WHAT YOU HAVE TO DO:
Restate word for word the line containing "Some of the words" and every following line in the material below, up to and including the last one.

__________

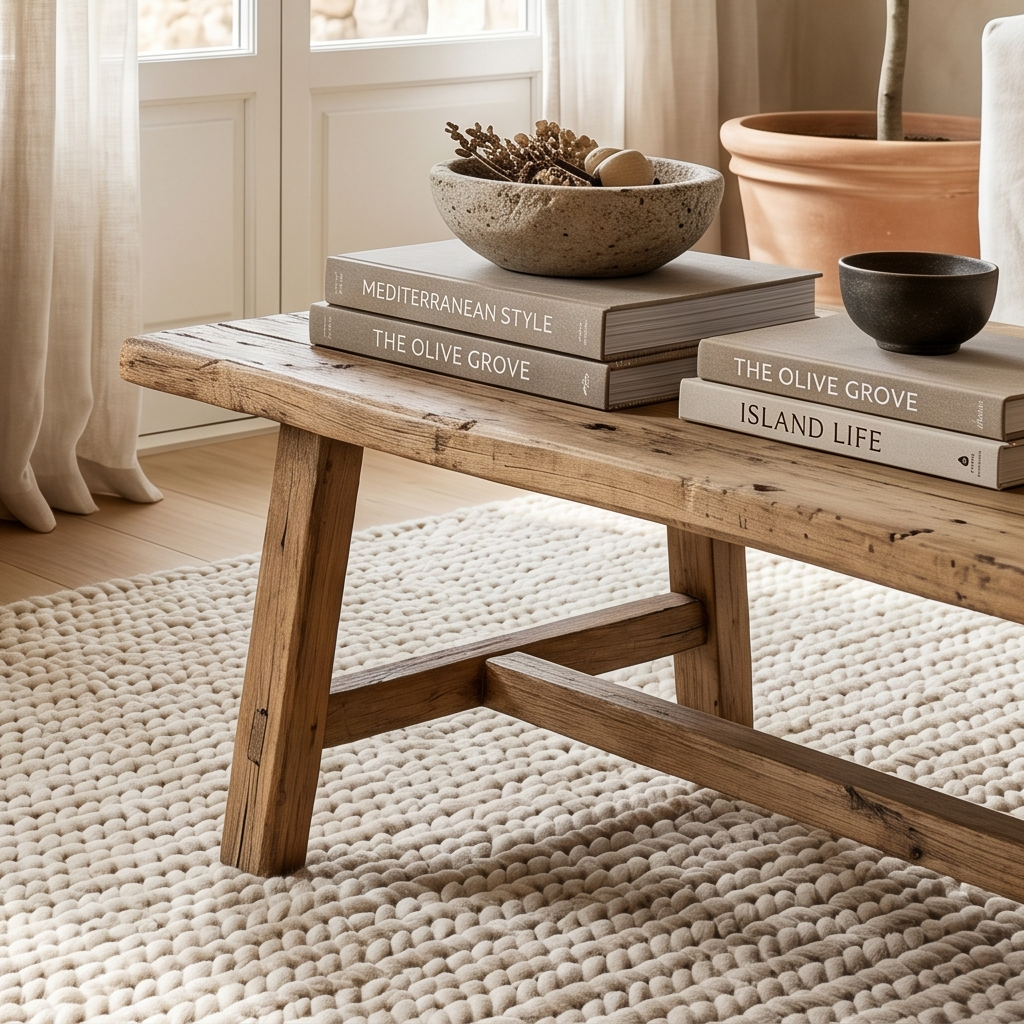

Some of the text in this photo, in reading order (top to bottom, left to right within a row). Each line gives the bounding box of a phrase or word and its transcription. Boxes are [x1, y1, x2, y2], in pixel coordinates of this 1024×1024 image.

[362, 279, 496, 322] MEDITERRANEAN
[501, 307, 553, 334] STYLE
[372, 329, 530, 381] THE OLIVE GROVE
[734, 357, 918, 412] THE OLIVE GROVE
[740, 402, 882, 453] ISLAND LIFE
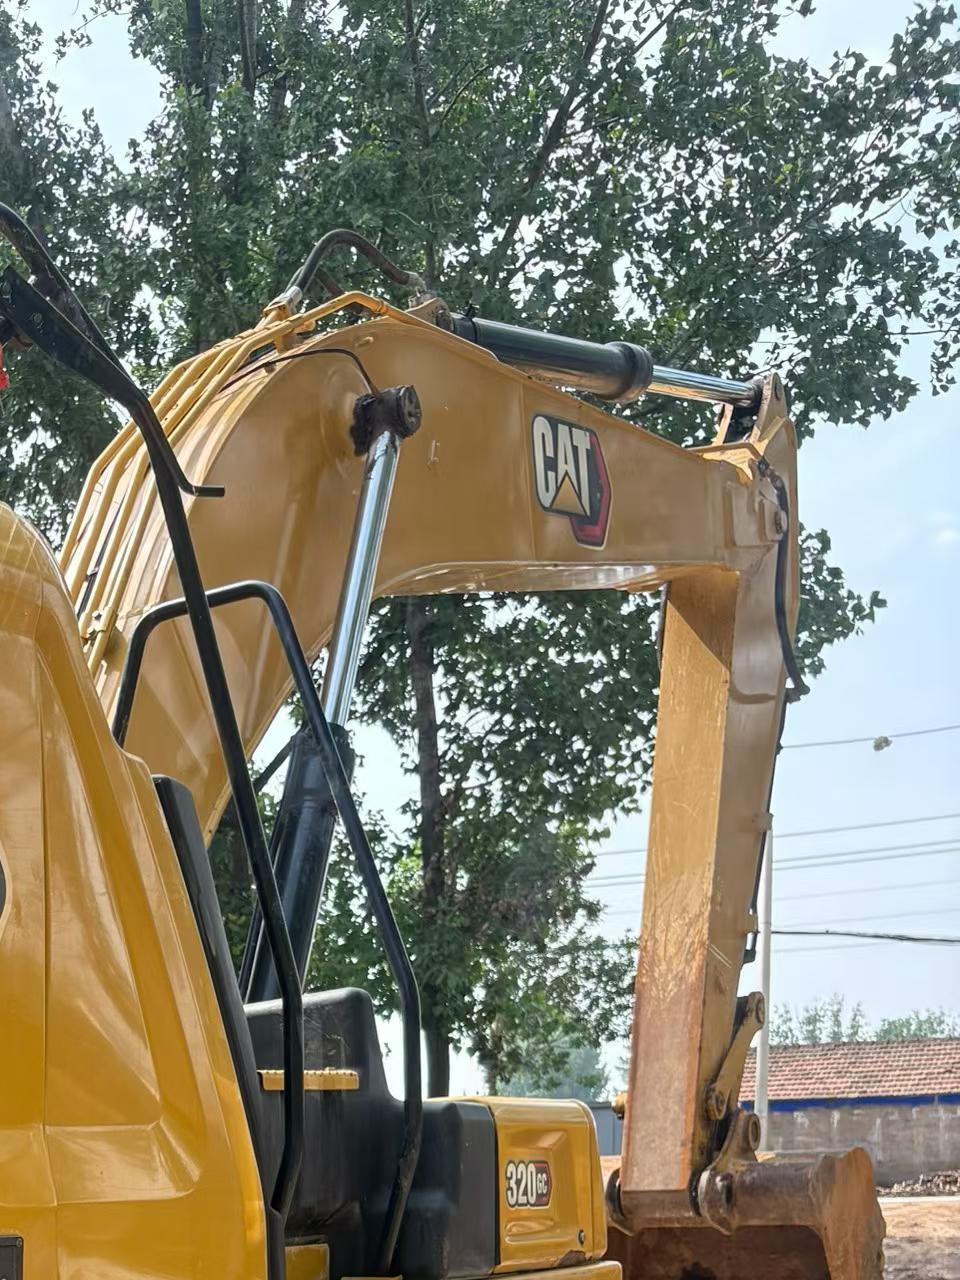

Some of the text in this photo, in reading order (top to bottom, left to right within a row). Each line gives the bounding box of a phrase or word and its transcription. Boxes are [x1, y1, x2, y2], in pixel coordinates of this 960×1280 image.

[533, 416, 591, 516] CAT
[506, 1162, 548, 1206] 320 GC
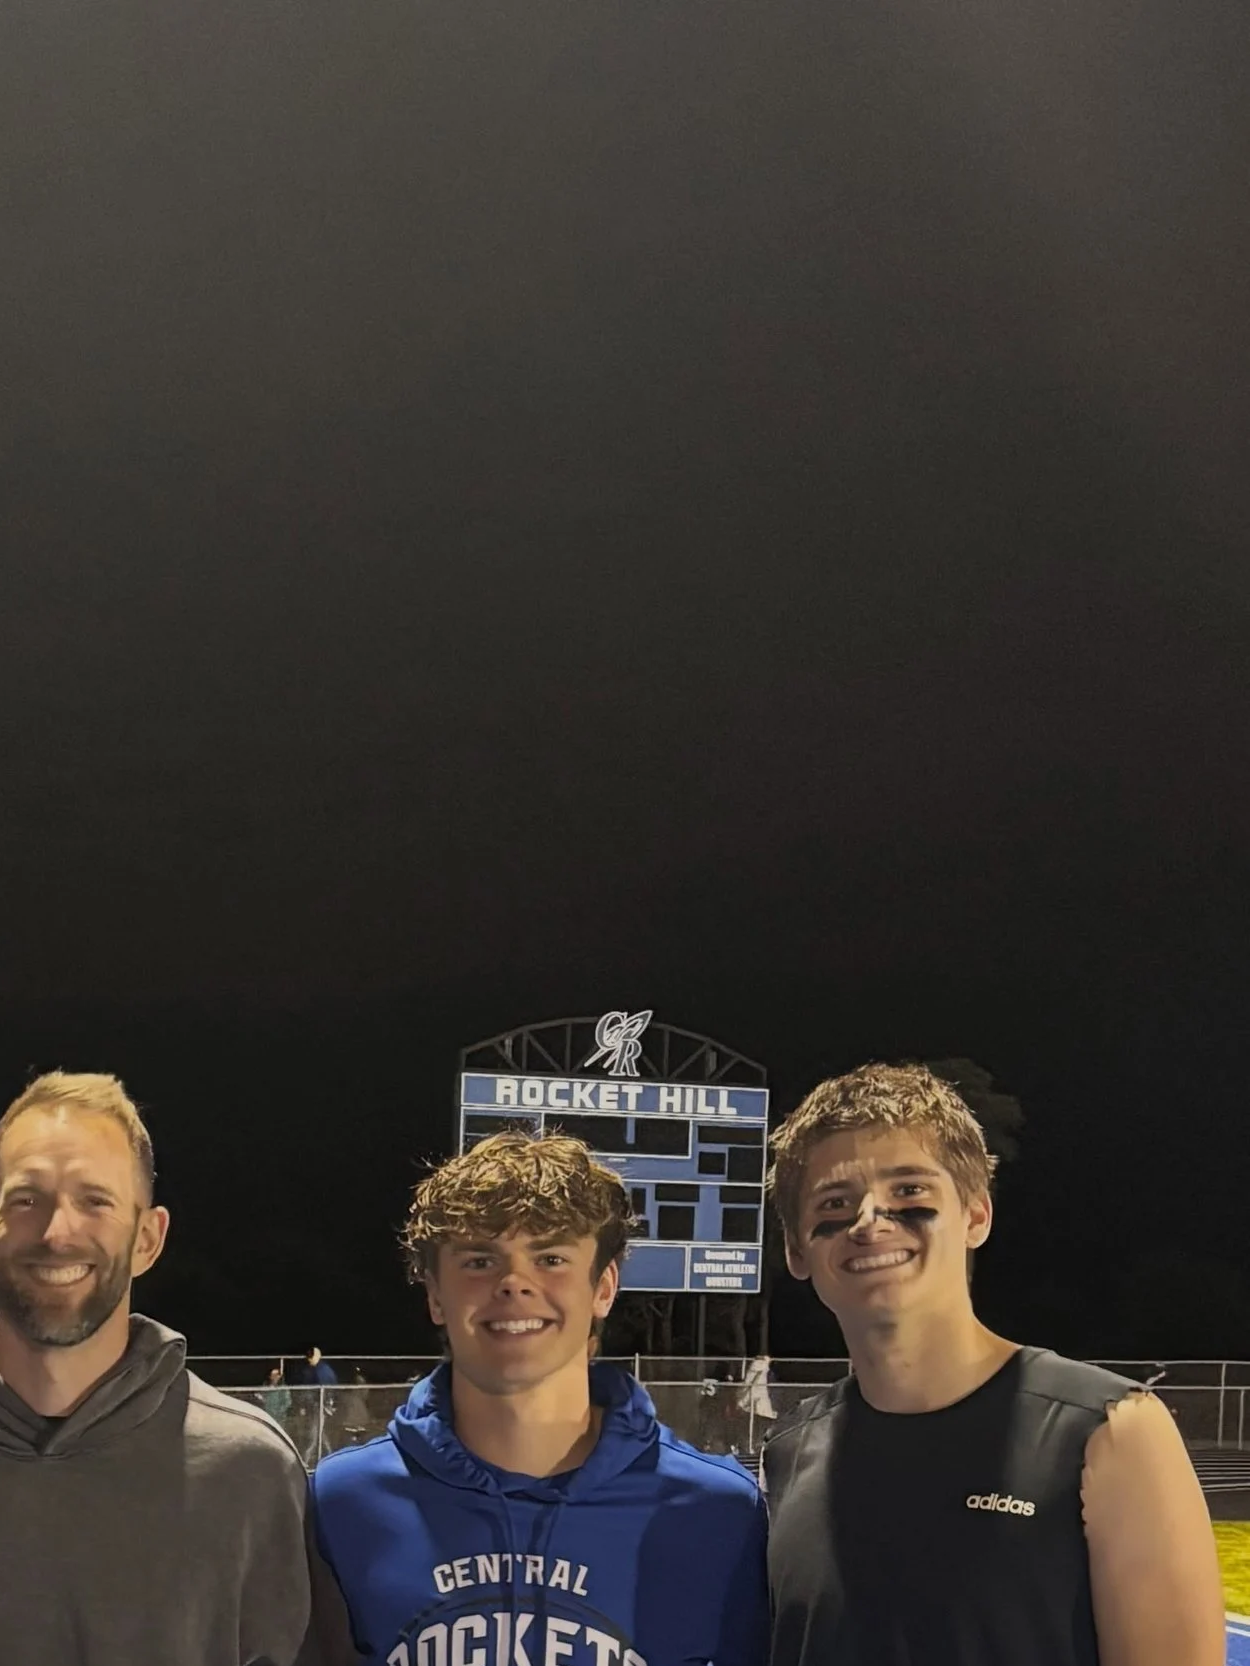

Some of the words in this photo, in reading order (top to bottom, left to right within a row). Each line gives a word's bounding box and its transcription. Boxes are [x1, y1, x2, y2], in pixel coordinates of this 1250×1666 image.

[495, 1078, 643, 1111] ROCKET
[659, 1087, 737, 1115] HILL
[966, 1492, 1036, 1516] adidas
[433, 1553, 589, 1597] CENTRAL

__________

OUTPUT OF THE TASK:
Some of the words in this photo, in reading order (top to bottom, left to right within a row). Each line gives a word's bounding box and its transcription. Boxes are [x1, y1, x2, y2], in pixel coordinates of this 1250×1666 image.

[495, 1078, 643, 1111] ROCKET
[659, 1087, 737, 1115] HILL
[966, 1492, 1036, 1516] adidas
[433, 1553, 589, 1597] CENTRAL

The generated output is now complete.